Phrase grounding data
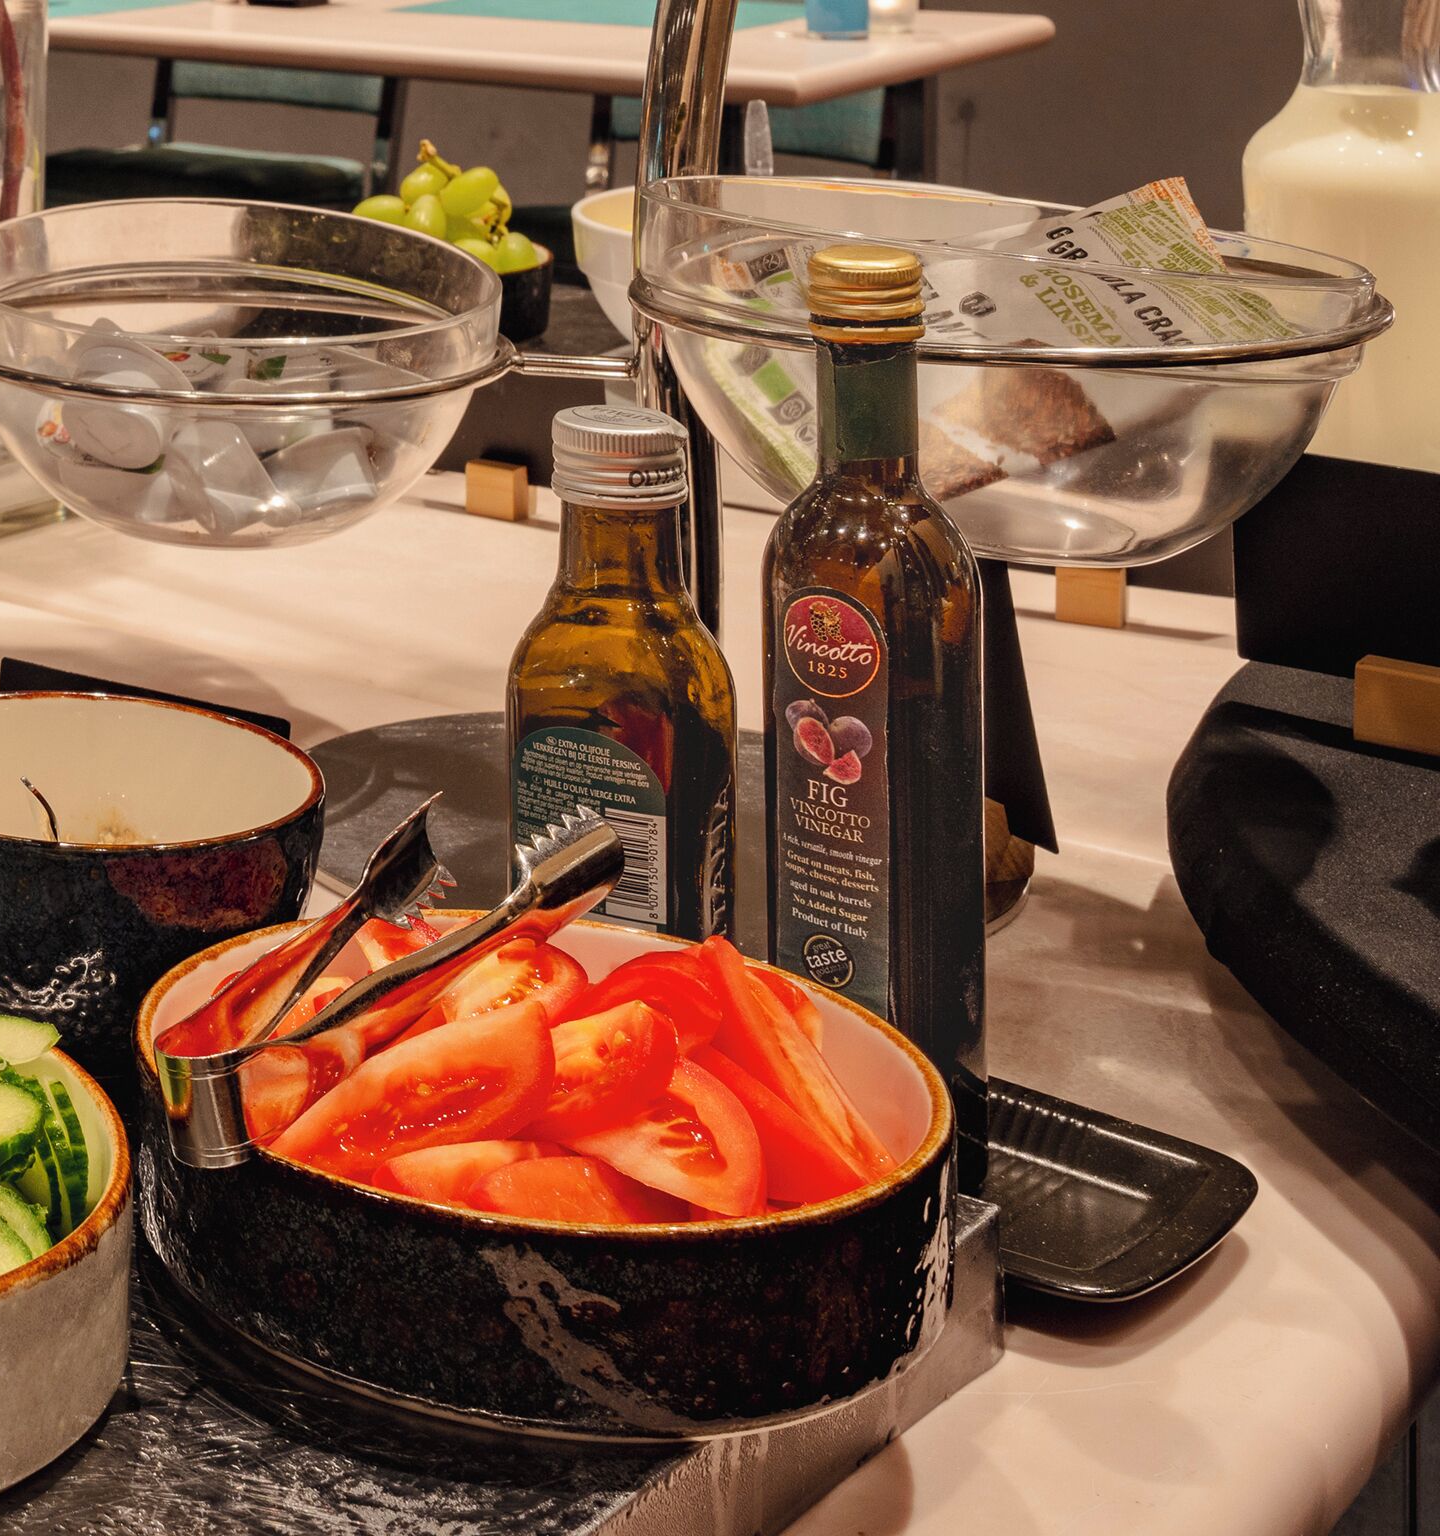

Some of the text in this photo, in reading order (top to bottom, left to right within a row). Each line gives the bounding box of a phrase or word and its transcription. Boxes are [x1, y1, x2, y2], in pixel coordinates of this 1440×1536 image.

[787, 624, 873, 665] Vincotto
[808, 661, 848, 679] 1825
[533, 741, 568, 756] VERKREGEN
[612, 759, 641, 771] PERSING
[558, 739, 578, 750] EXTRA
[544, 778, 637, 805] HUILE D'OLIVE VIERGE EXTRA
[807, 779, 848, 807] FIG
[790, 797, 870, 828] VINCOTTO
[649, 822, 658, 862] 901784
[794, 813, 864, 843] VINEGAR
[787, 850, 809, 865] Great
[811, 860, 821, 868] on
[829, 848, 853, 861] smooth
[855, 854, 882, 867] vinegar
[649, 868, 658, 907] 007150
[790, 879, 872, 909] aged in oak barrels
[841, 878, 879, 893] desserts
[792, 893, 868, 923] No Added Sugar
[792, 907, 868, 939] Product of Italy
[806, 949, 848, 969] taste
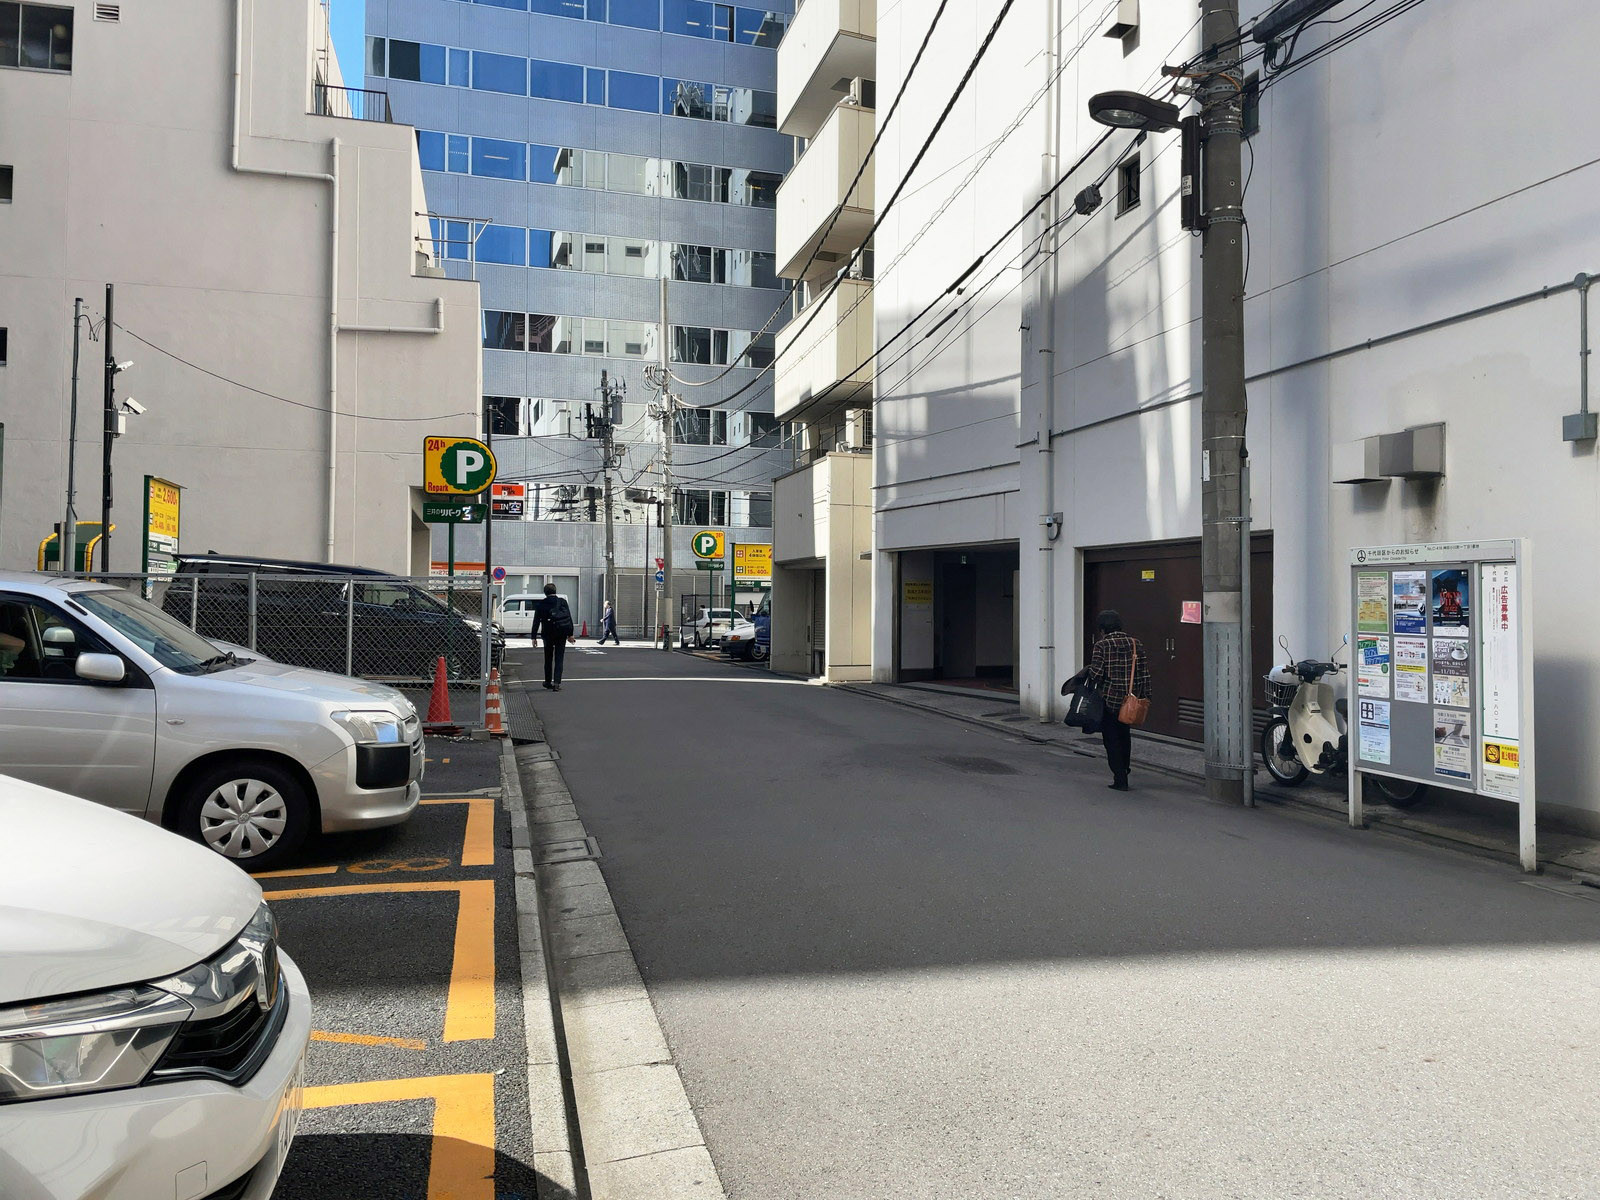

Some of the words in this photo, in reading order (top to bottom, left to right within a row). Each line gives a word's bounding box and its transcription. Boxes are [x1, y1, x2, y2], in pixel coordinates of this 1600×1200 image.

[428, 439, 446, 451] 24h
[456, 449, 484, 484] P
[428, 482, 449, 492] Repark
[701, 536, 715, 554] P
[1500, 585, 1509, 632] 広告募集中
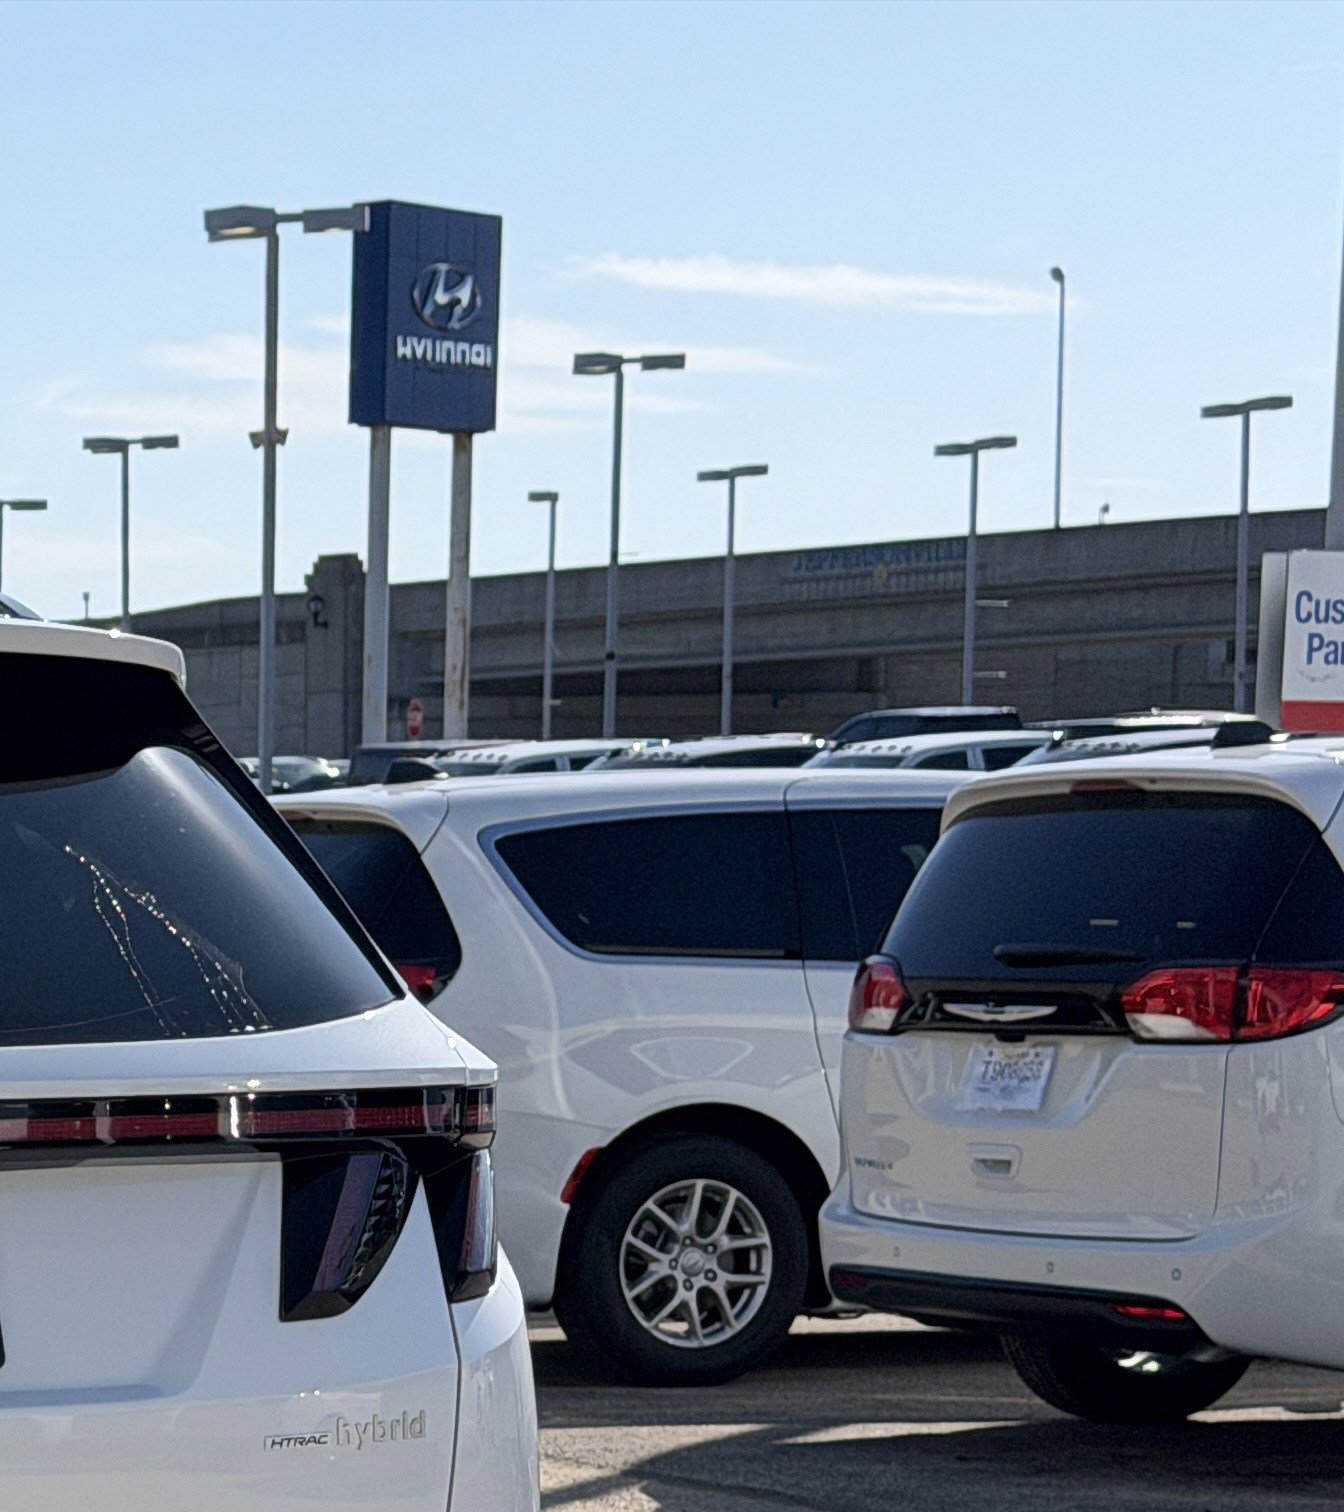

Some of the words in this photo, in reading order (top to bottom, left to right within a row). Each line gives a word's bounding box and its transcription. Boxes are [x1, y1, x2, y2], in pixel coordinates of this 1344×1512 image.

[396, 335, 493, 367] HYUNDAI
[269, 1433, 329, 1450] HTRAC
[335, 1409, 427, 1451] hybrid
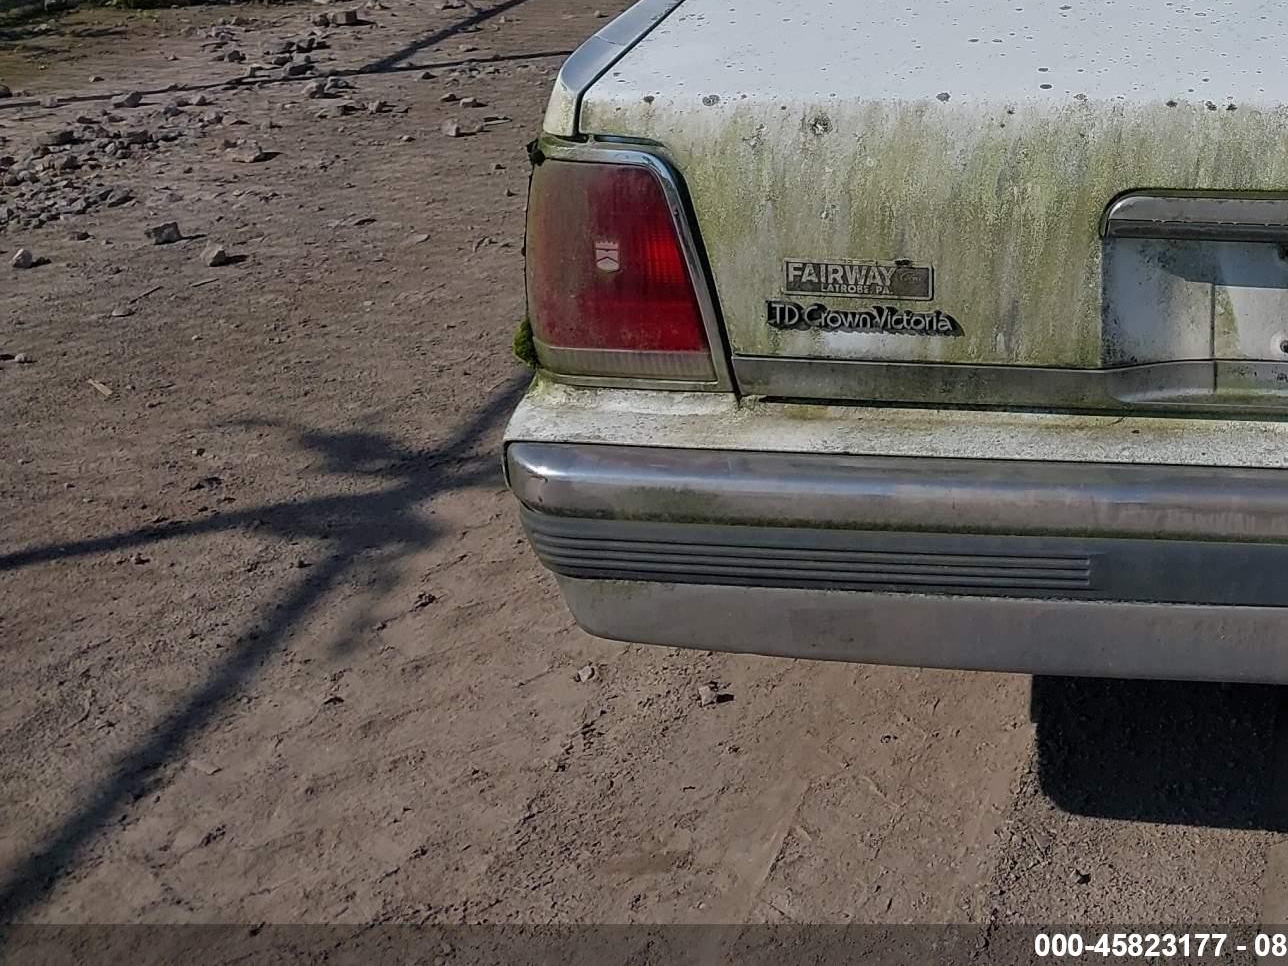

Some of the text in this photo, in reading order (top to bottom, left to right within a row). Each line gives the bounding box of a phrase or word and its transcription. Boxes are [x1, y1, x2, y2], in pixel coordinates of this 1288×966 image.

#### Your goal:
Print the entries above exactly, taking out only the pictures.

#### Exercise answer:
Some of the text in this photo, in reading order (top to bottom, left to right within a row). Each line gives the bounding box of a phrase or word and its transcription. Boxes are [x1, y1, x2, y2], in pixel coordinates of this 1440×1536 image.

[787, 624, 873, 665] Vincotto
[808, 661, 848, 679] 1825
[533, 741, 568, 756] VERKREGEN
[612, 759, 641, 771] PERSING
[558, 739, 578, 750] EXTRA
[544, 778, 637, 805] HUILE D'OLIVE VIERGE EXTRA
[807, 779, 848, 807] FIG
[790, 797, 870, 828] VINCOTTO
[649, 822, 658, 862] 901784
[794, 813, 864, 843] VINEGAR
[787, 850, 809, 865] Great
[811, 860, 821, 868] on
[829, 848, 853, 861] smooth
[855, 854, 882, 867] vinegar
[649, 868, 658, 907] 007150
[790, 879, 872, 909] aged in oak barrels
[841, 878, 879, 893] desserts
[792, 893, 868, 923] No Added Sugar
[792, 907, 868, 939] Product of Italy
[806, 949, 848, 969] taste

Some of the words in this photo, in reading order (top to bottom, left to right within a row). Each line gives a word's bounding box and its transcription. Boxes are [x1, y1, x2, y2], in pixel coordinates of this 1600×1200 image.

[428, 439, 446, 451] 24h
[456, 449, 484, 484] P
[428, 482, 449, 492] Repark
[701, 536, 715, 554] P
[1500, 585, 1509, 632] 広告募集中

Some of the words in this photo, in reading order (top to bottom, left to right within a row). Each line gives a word's bounding box and its transcription. Boxes are [x1, y1, x2, y2], in pixel coordinates of this 1344×1512 image.

[396, 335, 493, 367] HYUNDAI
[269, 1433, 329, 1450] HTRAC
[335, 1409, 427, 1451] hybrid

Some of the text in this photo, in reading order (top to bottom, left to right within a row). Each line gives the bounding box of a phrase or word and its transcription. Boxes are [x1, y1, x2, y2], in pixel coordinates of this 1288×966 image.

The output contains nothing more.